Referring expression grounding data:
◇ ◇ ◇ ◇ ◇ ◇ ◇

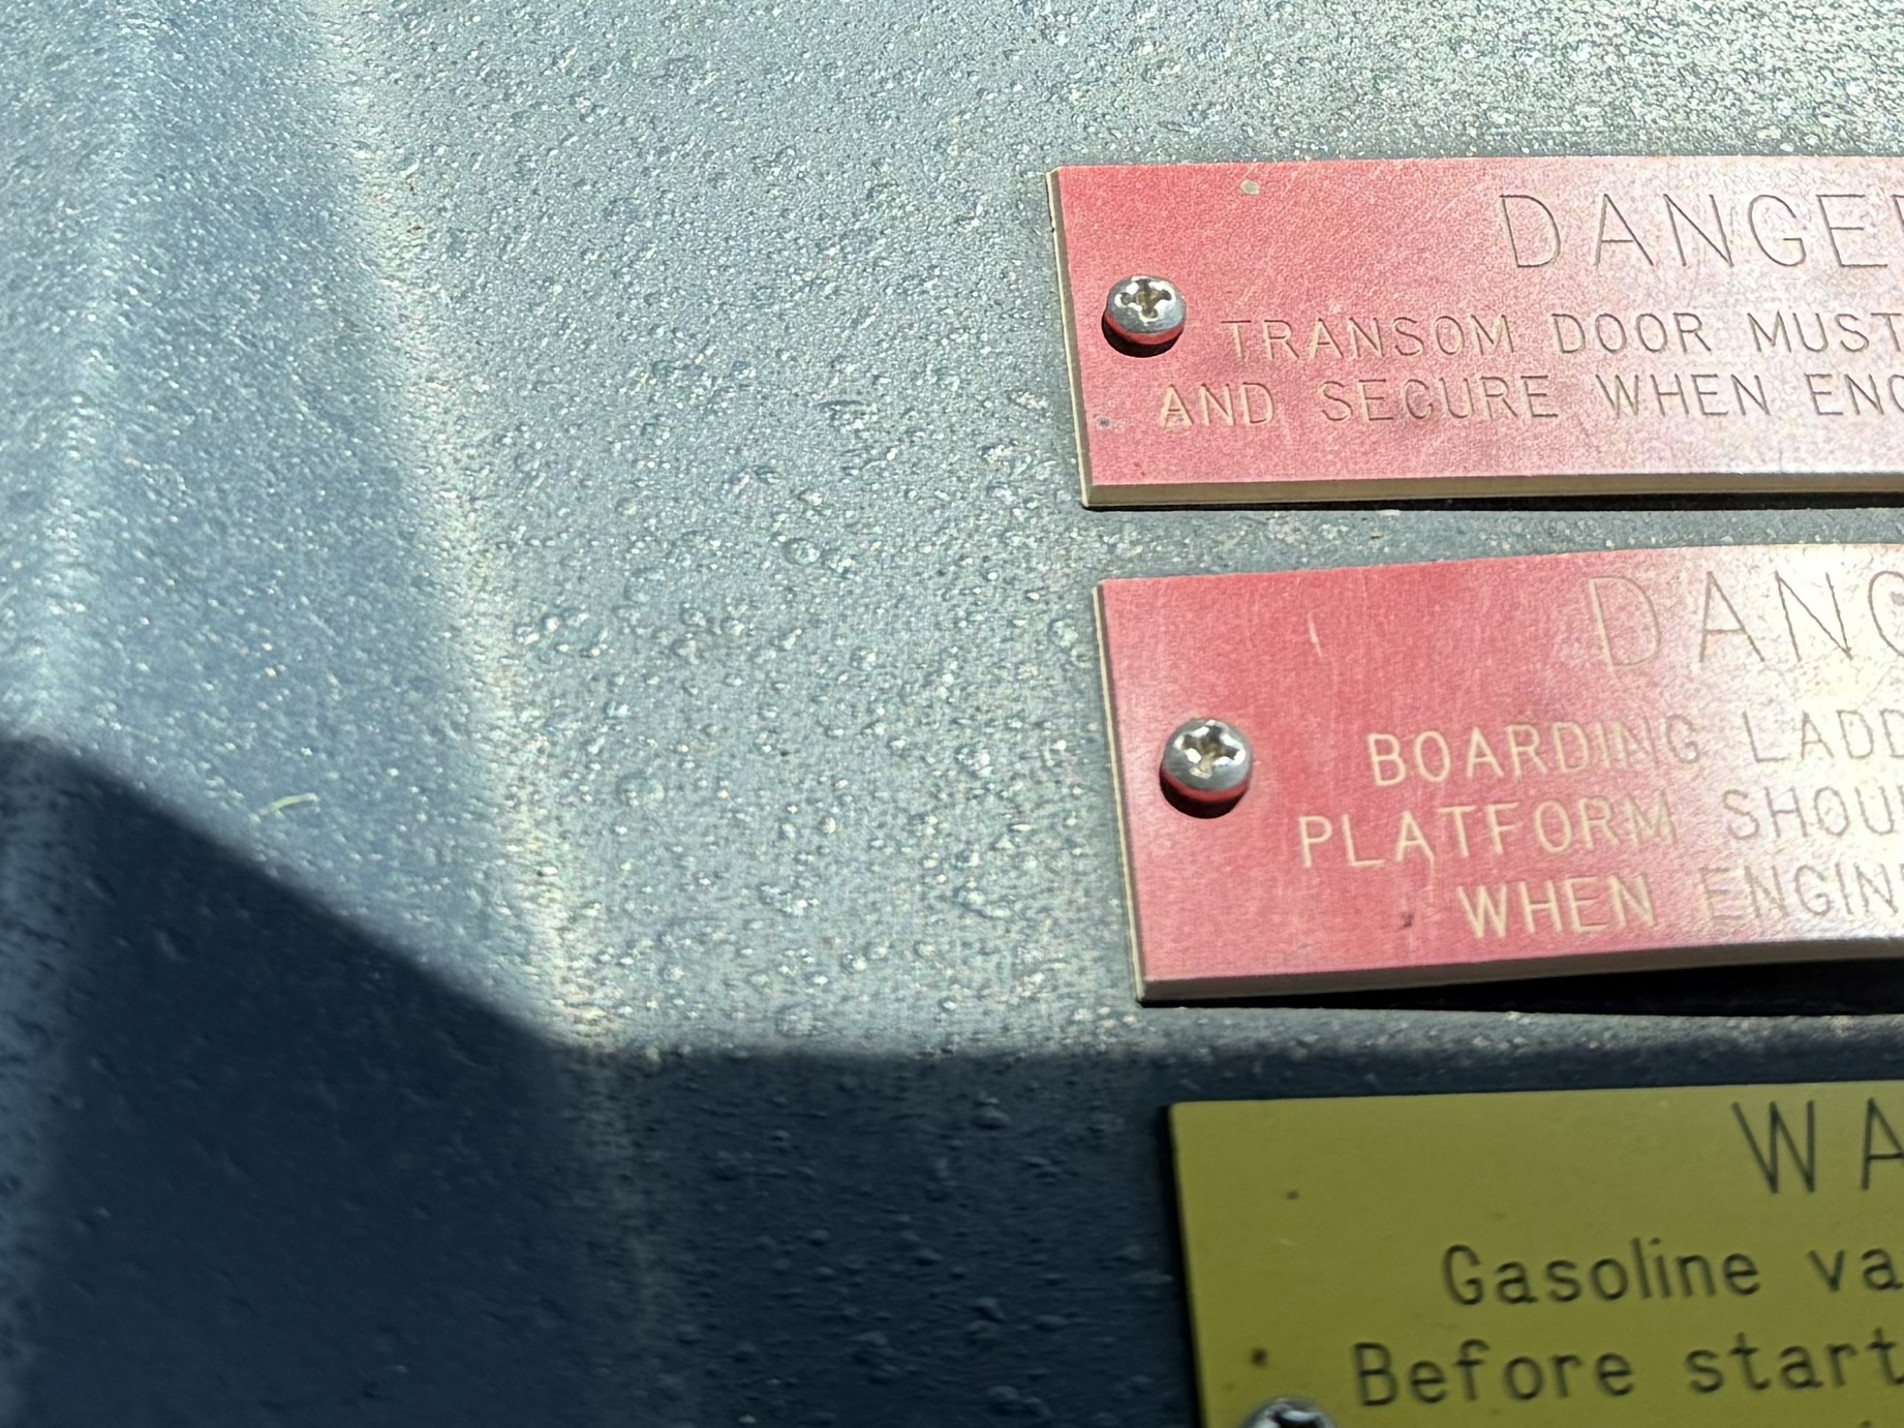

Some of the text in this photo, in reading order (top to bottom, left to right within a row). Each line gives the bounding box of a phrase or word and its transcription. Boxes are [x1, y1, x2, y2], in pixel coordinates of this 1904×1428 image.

[1221, 312, 1514, 362] TRANSOM
[1552, 311, 1712, 356] DOOR
[1747, 311, 1902, 354] MUST
[1159, 382, 1276, 431] AND
[1320, 374, 1558, 423] SECURE
[1596, 373, 1771, 419] WHEN
[1368, 714, 1701, 787] BOARDING
[1299, 790, 1678, 868] PLATFORM
[1456, 872, 1656, 939] WHEN
[1442, 1237, 1761, 1306] Gasoline
[1352, 1338, 1635, 1407] Before
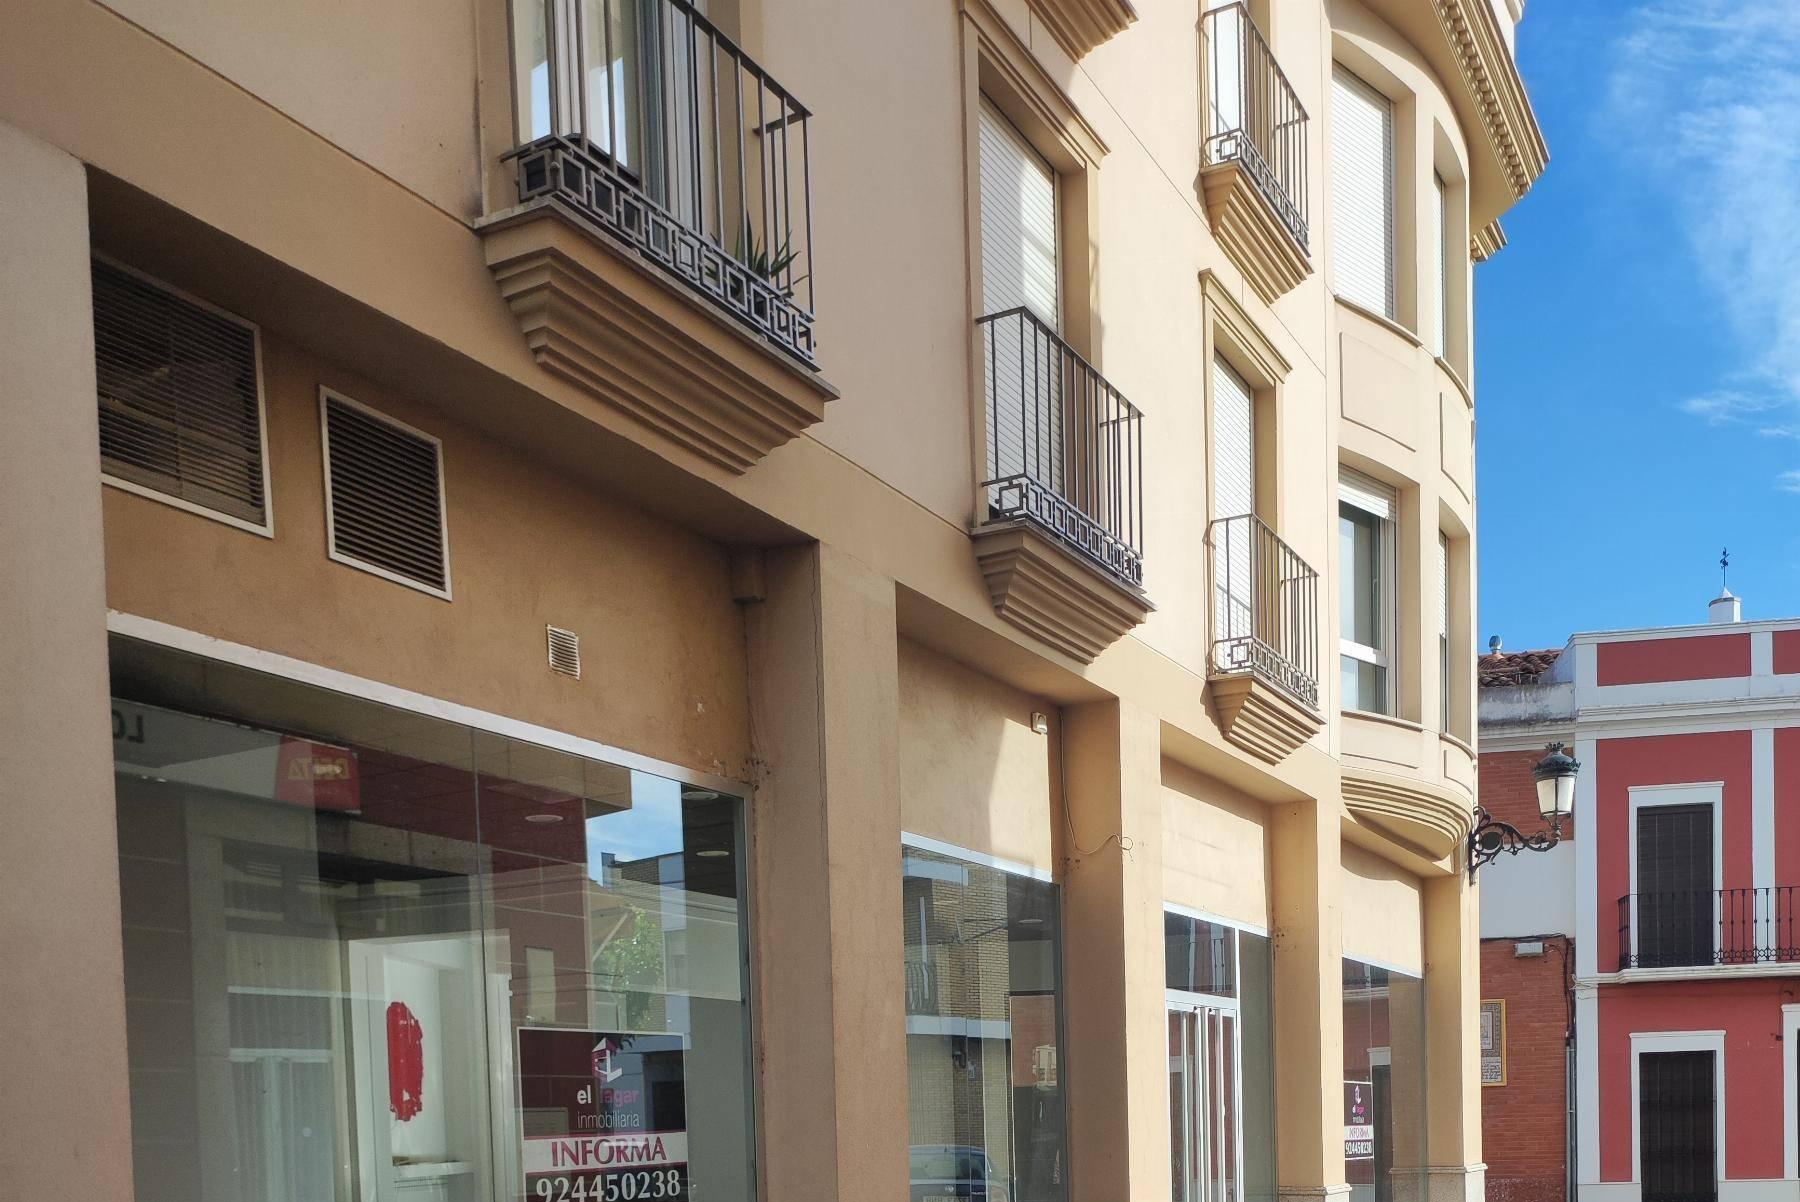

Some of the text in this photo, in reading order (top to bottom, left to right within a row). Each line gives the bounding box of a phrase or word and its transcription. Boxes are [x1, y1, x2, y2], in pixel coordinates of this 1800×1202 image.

[577, 1085, 592, 1104] el
[577, 1111, 640, 1129] inmobiliaria
[551, 1136, 667, 1167] INFORMA

◇ ◇ ◇ ◇ ◇ ◇ ◇

▸ **Task prompt**:
Each word of the data should be repeated exactly, and the pictures left out.

▸ **Result of this task**:
Some of the text in this photo, in reading order (top to bottom, left to right within a row). Each line gives the bounding box of a phrase or word and its transcription. Boxes are [x1, y1, x2, y2], in pixel coordinates of this 1904×1428 image.

[1221, 312, 1514, 362] TRANSOM
[1552, 311, 1712, 356] DOOR
[1747, 311, 1902, 354] MUST
[1159, 382, 1276, 431] AND
[1320, 374, 1558, 423] SECURE
[1596, 373, 1771, 419] WHEN
[1368, 714, 1701, 787] BOARDING
[1299, 790, 1678, 868] PLATFORM
[1456, 872, 1656, 939] WHEN
[1442, 1237, 1761, 1306] Gasoline
[1352, 1338, 1635, 1407] Before

Some of the text in this photo, in reading order (top to bottom, left to right within a row). Each line gives the bounding box of a phrase or word and its transcription. Boxes are [x1, y1, x2, y2], in pixel coordinates of this 1800×1202 image.

[577, 1085, 592, 1104] el
[577, 1111, 640, 1129] inmobiliaria
[551, 1136, 667, 1167] INFORMA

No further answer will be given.